“Nature’s gone to flower-gardening for fair on the mountains,” murmured the rider. “What with one thing and another I’ve got a notion I’m going to take a liking to this country.”
The man was plainly very tired with rapid travel, and about the middle of the afternoon the young man unsaddled and picketed the animal near a water-hole. He lay down in the shadow of a cottonwood, flat on his back, face upturned to the deep cobalt sky. Presently the drowse of the afternoon crept over him. The slumberous valley grew hazy to his nodding eyes. The reluctant lids ceased to open and he was fast asleep.
Lieutenant Fraser interferes.
The sun had declined almost to a saddle in the Cuesta del Burro when the sleeper reopened his eyes. Even before he had shaken himself free of sleep he was uneasily aware of something wrong. Hazily the sound of voices drifted to him across an immense space.
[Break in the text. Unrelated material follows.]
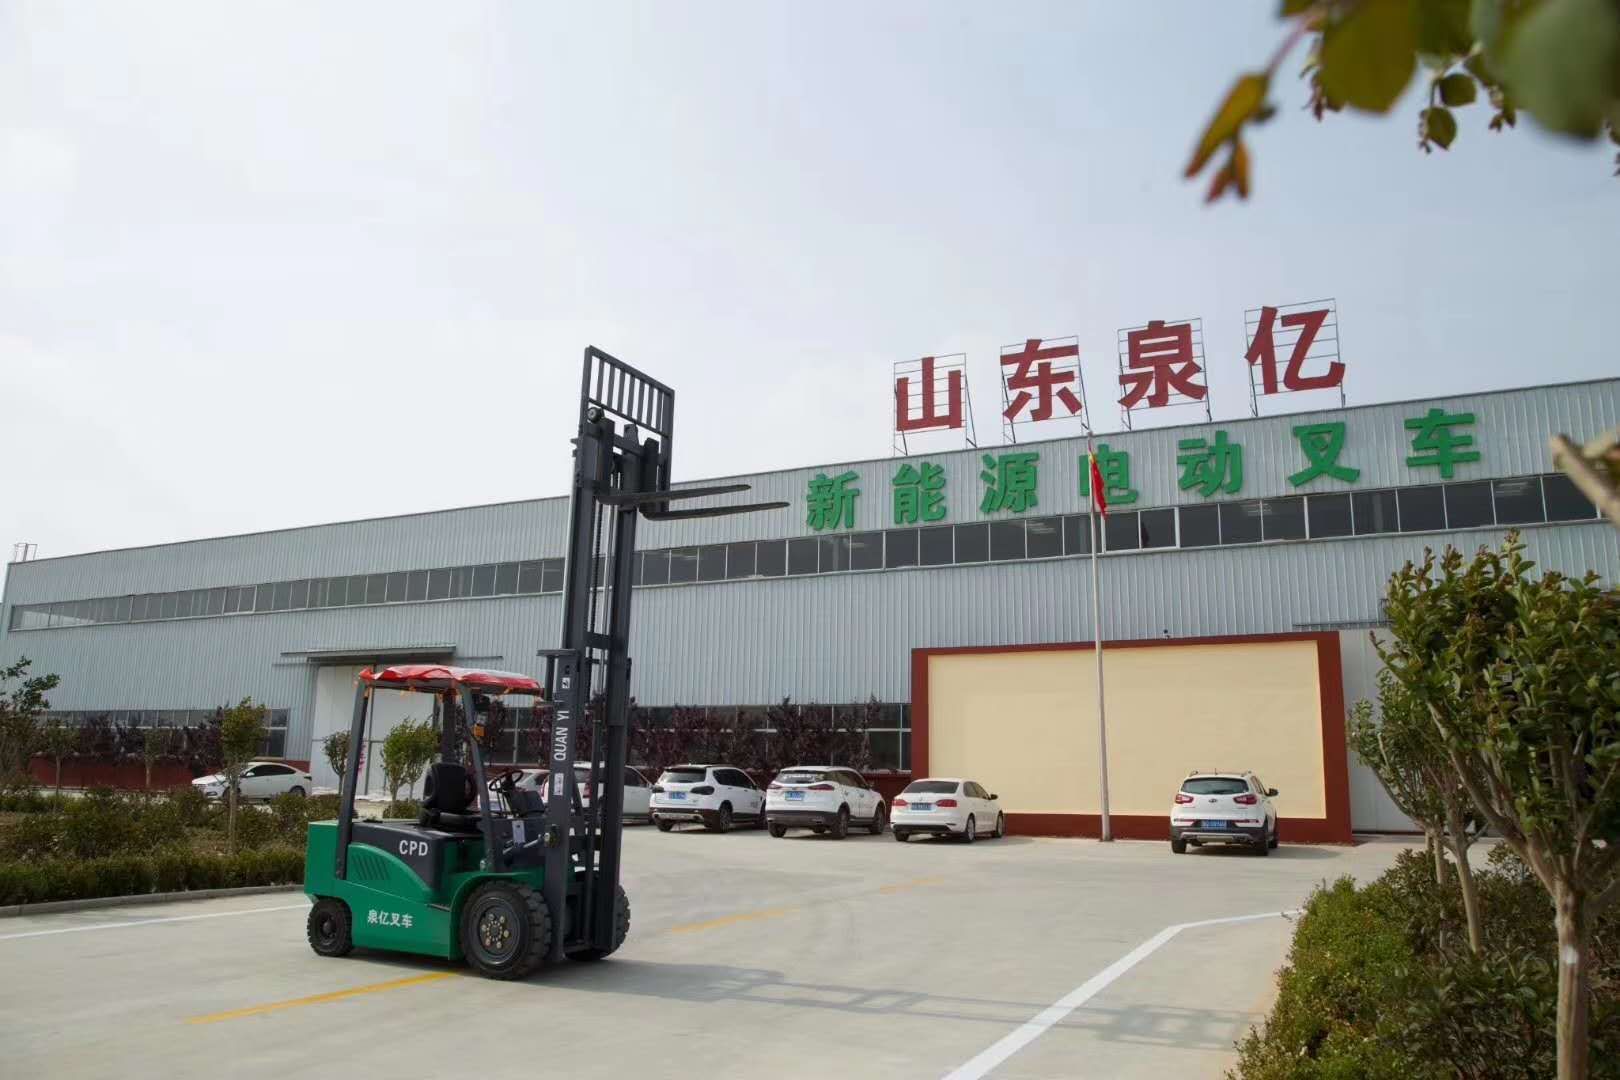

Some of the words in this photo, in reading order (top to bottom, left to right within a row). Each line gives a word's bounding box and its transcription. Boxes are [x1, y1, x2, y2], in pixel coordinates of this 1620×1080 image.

Blurred figures crossed before his unfocused gaze.
The first thing he saw clearly was the roan, still grazing in the circle of its picket-rope. Beside the bronco were two men looking the animal over critically.
“Been going some,” he heard one remark, pointing at the same time to the sweat-stains that streaked the shoulders and flanks.
“If he had me on his back he’d still be burning the wind, me being in his boots,” returned the second, with a grating laugh, jerking his head toward the sleeper. “Whatever led the durned fool to stop this side of the line beats me.”
“If he was hiking for Chihuahua he’s been hitting a mighty crooked trail. I don’t savvy it, him knowing the country as well as they say he does,” the first speaker made answer.
The traveler’s circling eye now discovered two more men, each of them covering him with a rifle. A voice from the rear assured him there was also a fifth member to the party.
“Look out! He’s awake,” it warned.
The young man’s hand inadvertently moved toward his revolver-butt. This drew a sharp imperative order from one of the men in front.
“Throw up your hands, and damn quick!”
“You seem to have the call, gentlemen,” he smiled. “Would you mind telling me what it’s all about?”
“You know what it’s all about as well as we do. Collect his gun, Tom.”
“This hold-up business seems to be a habit in this section. Second time to-day I’ve been the victim of it,” said the victim easily.
“It will be the last,” retorted one of the men grimly.
“If you’re after the mazuma you’ve struck a poor bank.”
“You’ve got your nerve,” cried one of the men in a rage; and another demanded: “Where did you get that hawss?”
“Why, I got it—” The young man stopped in the middle of his sentence. His jaw clamped and his eyes grew hard. “I expect you better explain what right you got to ask that question.”